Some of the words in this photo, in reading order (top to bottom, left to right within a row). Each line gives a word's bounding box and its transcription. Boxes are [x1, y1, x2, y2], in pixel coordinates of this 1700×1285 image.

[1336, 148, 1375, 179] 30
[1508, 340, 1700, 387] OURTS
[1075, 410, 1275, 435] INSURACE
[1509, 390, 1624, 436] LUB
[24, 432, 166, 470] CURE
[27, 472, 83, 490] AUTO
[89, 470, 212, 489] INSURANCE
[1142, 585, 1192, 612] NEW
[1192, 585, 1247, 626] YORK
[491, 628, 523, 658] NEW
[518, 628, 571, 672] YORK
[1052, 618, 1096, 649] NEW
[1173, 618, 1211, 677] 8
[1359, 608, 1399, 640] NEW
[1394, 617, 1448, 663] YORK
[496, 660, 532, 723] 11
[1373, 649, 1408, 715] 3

Assignment
Could you return all the data above exactly as it appears?

Written solution
Some of the words in this photo, in reading order (top to bottom, left to right within a row). Each line gives a word's bounding box and its transcription. Boxes are [x1, y1, x2, y2], in pixel coordinates of this 1700×1285 image.

[1336, 148, 1375, 179] 30
[1508, 340, 1700, 387] OURTS
[1075, 410, 1275, 435] INSURACE
[1509, 390, 1624, 436] LUB
[24, 432, 166, 470] CURE
[27, 472, 83, 490] AUTO
[89, 470, 212, 489] INSURANCE
[1142, 585, 1192, 612] NEW
[1192, 585, 1247, 626] YORK
[491, 628, 523, 658] NEW
[518, 628, 571, 672] YORK
[1052, 618, 1096, 649] NEW
[1173, 618, 1211, 677] 8
[1359, 608, 1399, 640] NEW
[1394, 617, 1448, 663] YORK
[496, 660, 532, 723] 11
[1373, 649, 1408, 715] 3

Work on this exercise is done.